*** Entries supplied
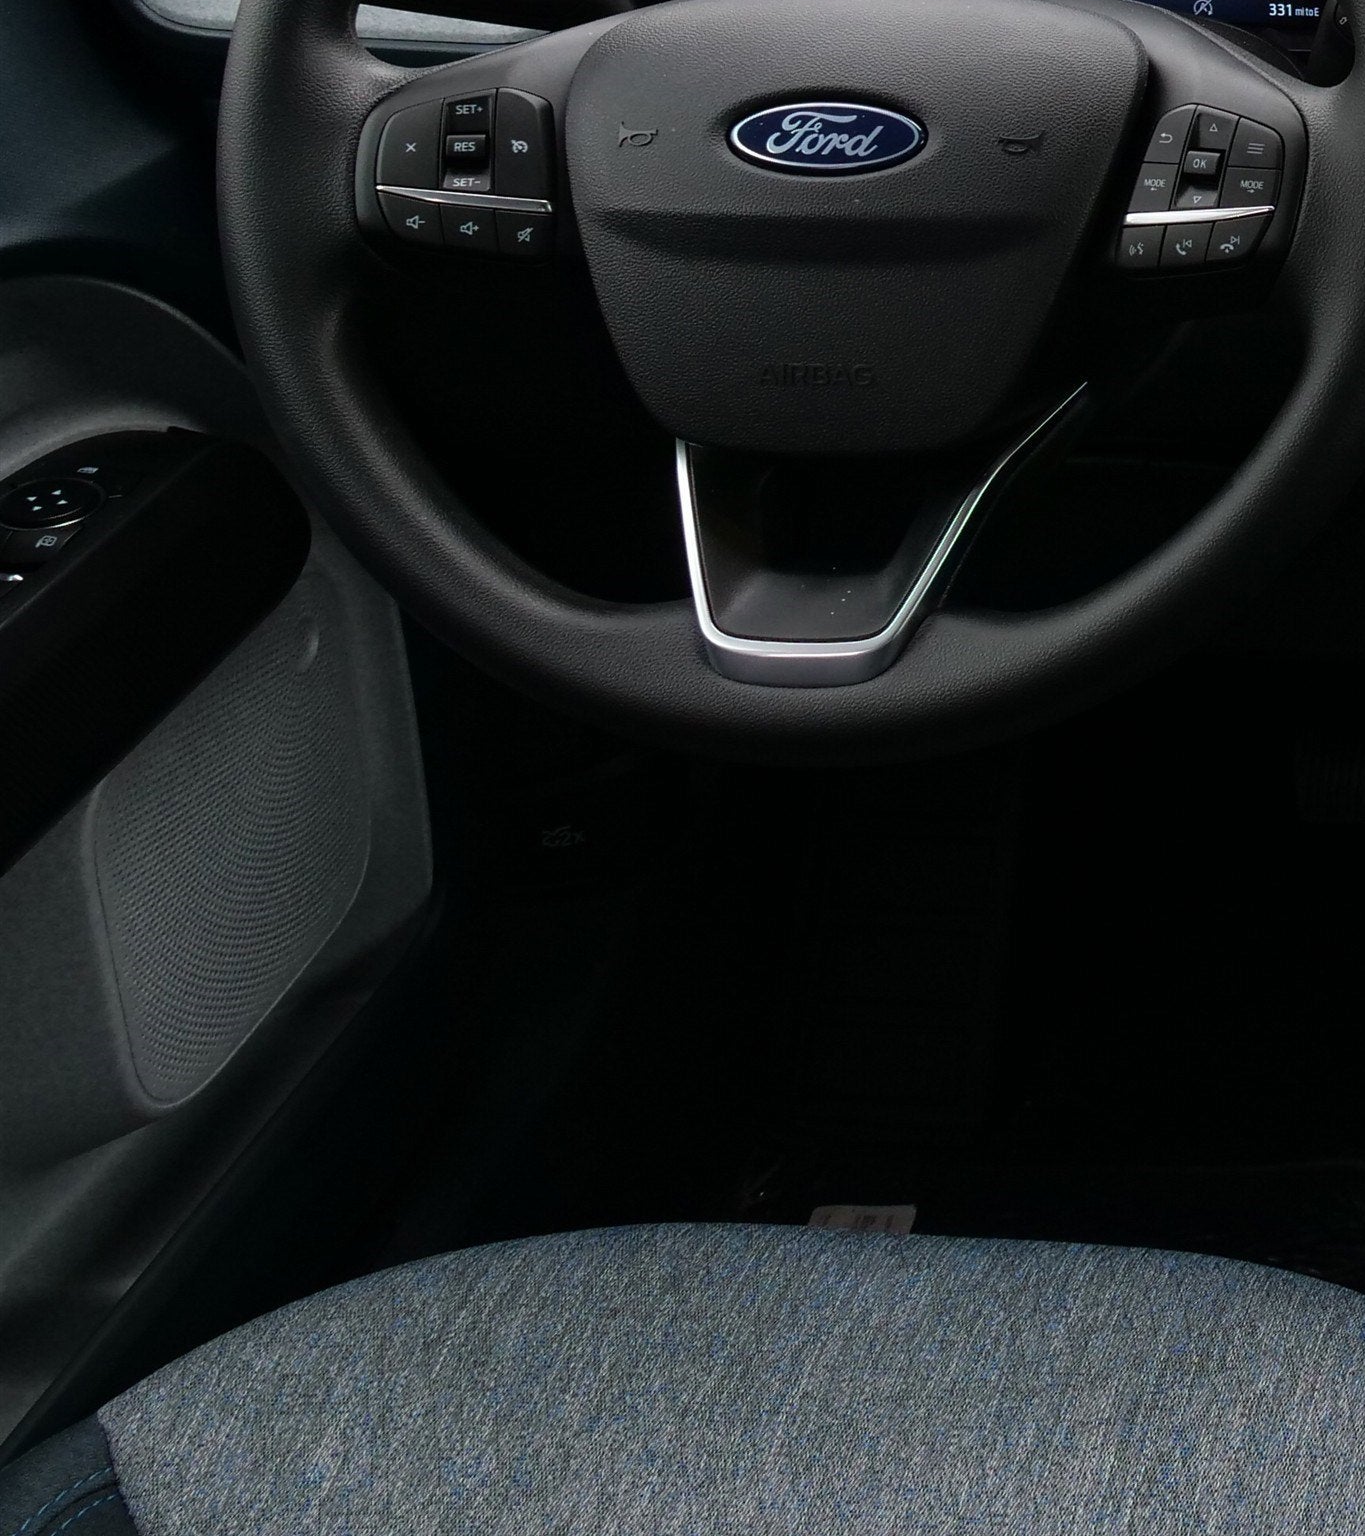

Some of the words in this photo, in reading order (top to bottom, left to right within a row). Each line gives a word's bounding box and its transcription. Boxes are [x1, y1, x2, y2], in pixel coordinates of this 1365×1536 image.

[1269, 3, 1292, 17] 331
[455, 104, 484, 115] SET+
[766, 111, 884, 157] Ford
[454, 142, 475, 152] RES
[1192, 159, 1208, 169] OK
[1144, 179, 1166, 188] MODE
[1240, 180, 1264, 189] MODE
******
Please reproduce every entry above exactly, but leave out the pictures.

Some of the words in this photo, in reading order (top to bottom, left to right within a row). Each line gives a word's bounding box and its transcription. Boxes are [x1, y1, x2, y2], in pixel coordinates of this 1365×1536 image.

[1269, 3, 1292, 17] 331
[455, 104, 484, 115] SET+
[766, 111, 884, 157] Ford
[454, 142, 475, 152] RES
[1192, 159, 1208, 169] OK
[1144, 179, 1166, 188] MODE
[1240, 180, 1264, 189] MODE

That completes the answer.